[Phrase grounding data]
##########
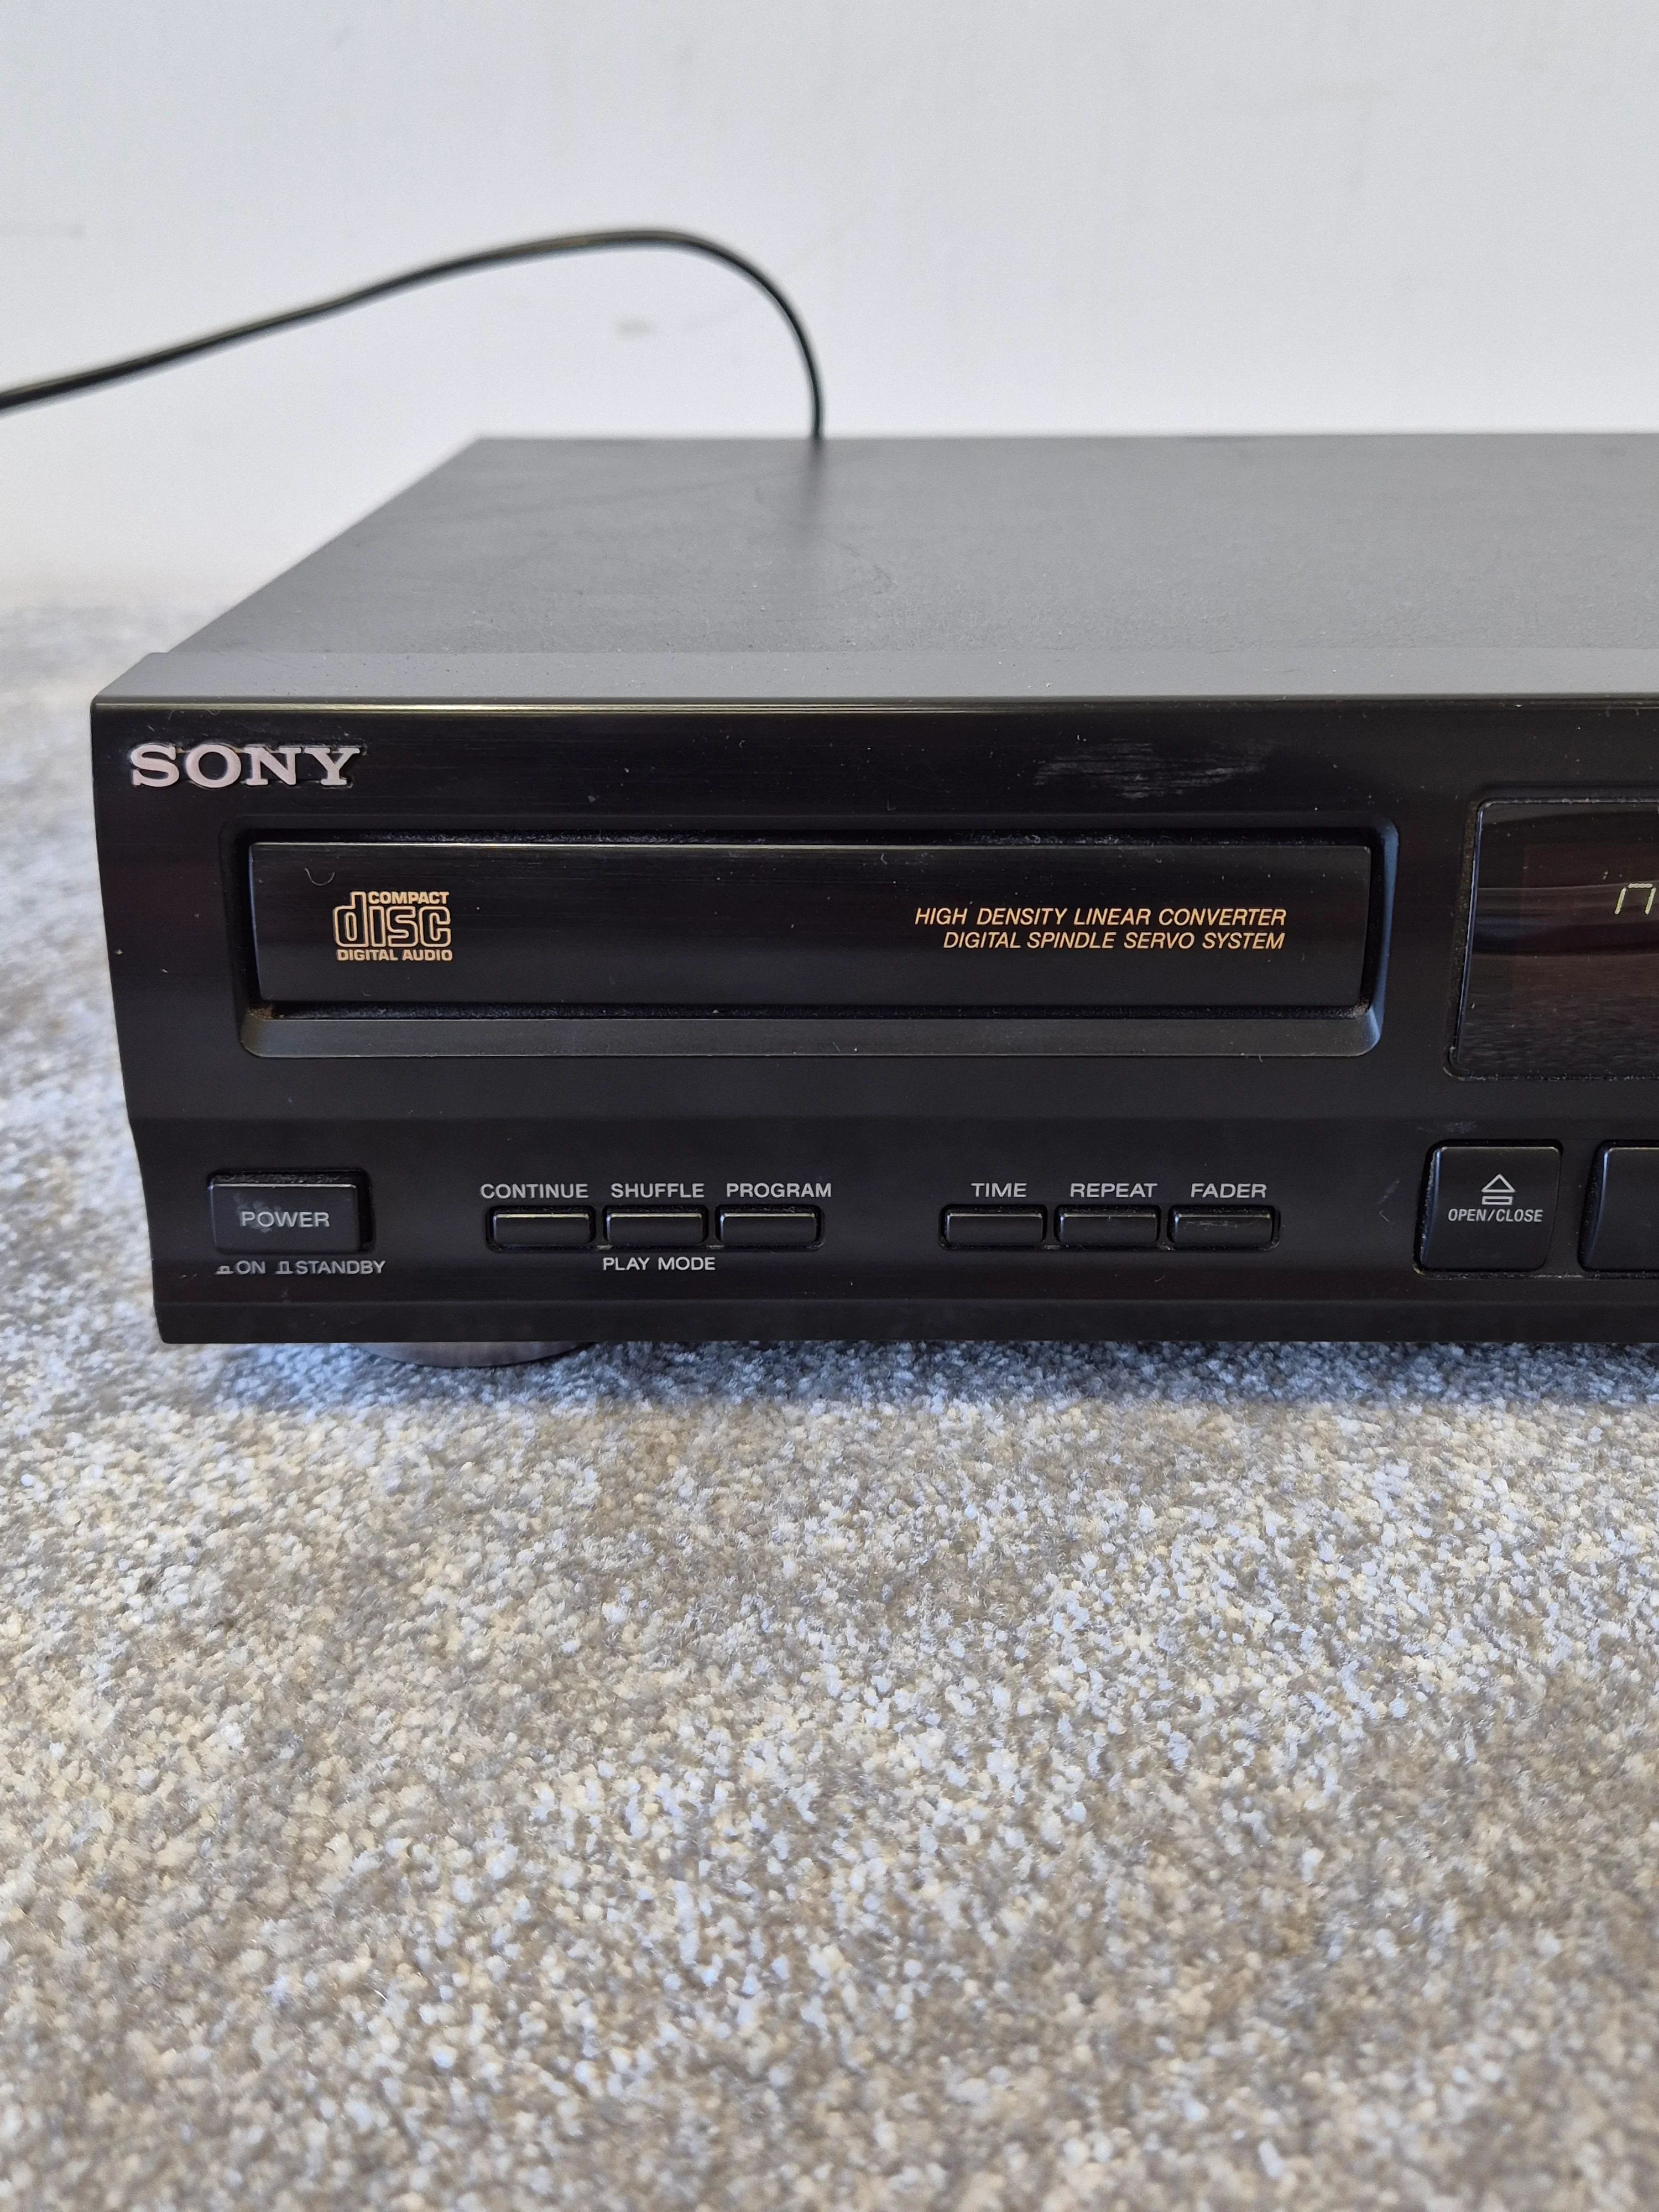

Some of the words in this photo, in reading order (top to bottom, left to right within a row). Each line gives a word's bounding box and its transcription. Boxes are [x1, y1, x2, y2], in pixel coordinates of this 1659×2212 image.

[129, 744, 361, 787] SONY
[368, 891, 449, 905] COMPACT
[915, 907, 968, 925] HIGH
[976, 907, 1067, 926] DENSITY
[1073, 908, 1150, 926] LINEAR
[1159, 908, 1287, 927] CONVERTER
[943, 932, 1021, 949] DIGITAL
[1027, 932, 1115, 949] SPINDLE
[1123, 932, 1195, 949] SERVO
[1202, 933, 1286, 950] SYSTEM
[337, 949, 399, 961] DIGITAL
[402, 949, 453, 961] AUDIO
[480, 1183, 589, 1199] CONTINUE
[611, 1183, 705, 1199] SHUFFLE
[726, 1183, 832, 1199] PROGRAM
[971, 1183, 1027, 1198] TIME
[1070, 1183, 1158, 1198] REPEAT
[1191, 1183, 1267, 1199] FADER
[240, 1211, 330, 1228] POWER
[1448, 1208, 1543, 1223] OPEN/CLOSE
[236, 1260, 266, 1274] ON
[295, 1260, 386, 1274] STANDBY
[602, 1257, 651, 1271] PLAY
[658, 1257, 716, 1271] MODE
##########
TO DO ▸ Exact copy, no pictures: please print the data above once more.

OUTPUT OF THE TASK ▸
Some of the words in this photo, in reading order (top to bottom, left to right within a row). Each line gives a word's bounding box and its transcription. Boxes are [x1, y1, x2, y2], in pixel coordinates of this 1659×2212 image.

[129, 744, 361, 787] SONY
[368, 891, 449, 905] COMPACT
[915, 907, 968, 925] HIGH
[976, 907, 1067, 926] DENSITY
[1073, 908, 1150, 926] LINEAR
[1159, 908, 1287, 927] CONVERTER
[943, 932, 1021, 949] DIGITAL
[1027, 932, 1115, 949] SPINDLE
[1123, 932, 1195, 949] SERVO
[1202, 933, 1286, 950] SYSTEM
[337, 949, 399, 961] DIGITAL
[402, 949, 453, 961] AUDIO
[480, 1183, 589, 1199] CONTINUE
[611, 1183, 705, 1199] SHUFFLE
[726, 1183, 832, 1199] PROGRAM
[971, 1183, 1027, 1198] TIME
[1070, 1183, 1158, 1198] REPEAT
[1191, 1183, 1267, 1199] FADER
[240, 1211, 330, 1228] POWER
[1448, 1208, 1543, 1223] OPEN/CLOSE
[236, 1260, 266, 1274] ON
[295, 1260, 386, 1274] STANDBY
[602, 1257, 651, 1271] PLAY
[658, 1257, 716, 1271] MODE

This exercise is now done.